As an example: a modern mid-range car requires an output of approx. 18 KW at a driving speed of 100 km / h. With the mixture preparation according to the invention, about 4 kg of gasoline per hour are used for this purpose. The slots 9, 10 are dimensioned such that 0.04 kg of hydrogen take the way through the slots 9, 10 with the recirculated exhaust gas.

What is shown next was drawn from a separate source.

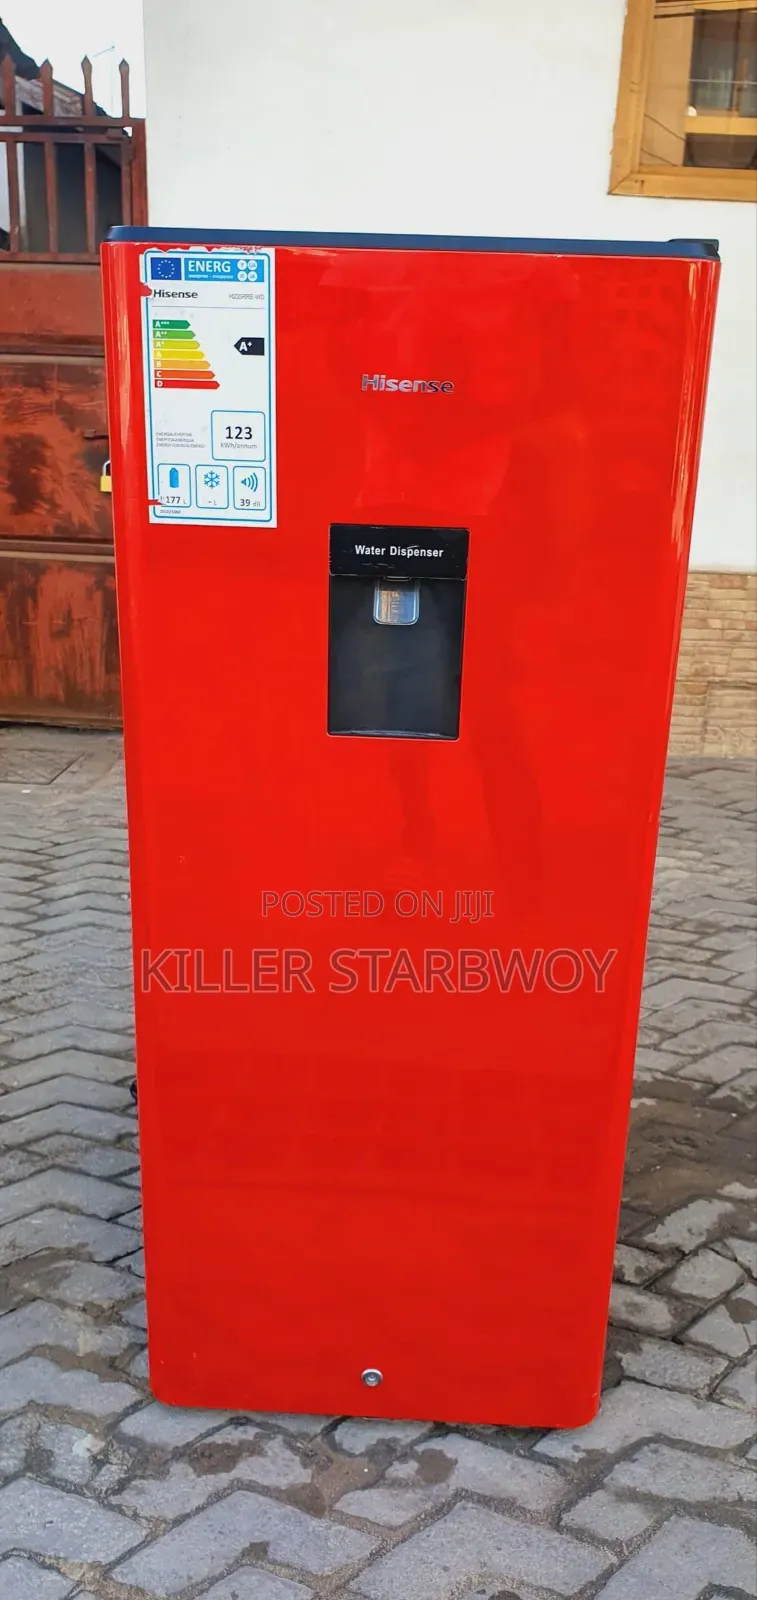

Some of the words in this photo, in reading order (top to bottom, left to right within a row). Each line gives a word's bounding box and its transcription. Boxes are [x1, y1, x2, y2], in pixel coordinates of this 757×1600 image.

At higher loads (engine power), the relative hydrogen content in gasoline decreases, at lower power the amount of exhaust gas supplied is controlled by means of the throttle valve 5 . Thus, in the main driving area at partial load operation, there is a high exit velocity of the recirculated gas at the slots 9, 10 and thus a good treatment of the gas condensed on the intake duct wall and a homogeneous mixing of both gas flows in the intake duct 39 . This is very important, so that all cylinders of the internal combustion engine 11 receive an evenly composed fuel-air-auxiliary gas mixture.

Claims (4)

1.Device for introducing additional gas flows into the intake duct of a carburetor engine by means of opposing slots in the intake duct wall, downstream of the throttle valve, which extend in the circumferential direction of the intake duct over a circumferential angle of less than 180 ° and to which the additional gas is supplied through one or more feed lines The longitudinal axis of the throttle valve shaft passes through the area of the walls not interrupted by the slots and a control element, in particular a further throttle valve or a valve, is provided in each supply line to control the throughput of the additional gas through these supply lines depending on the negative pressure prevailing in the intake duct characterized in that the slots ( 9, 10 ) in the area of maximum condensate formation are symmetrical to a plane generated by shifting the longitudinal axis of the throttle valve shaft parallel to itself along the longitudinal axis of the intake duct is arranged. 2. Device according to claim 1, characterized records that the additional gas is additional air. 3. Device according to claim 1, characterized characterized in that the additional gas exhaust gas of the Internal combustion engine is.   4. The device according to claim 1, characterized characterized in that the additional gas is a catalytic fission gas obtained from exhaust gas.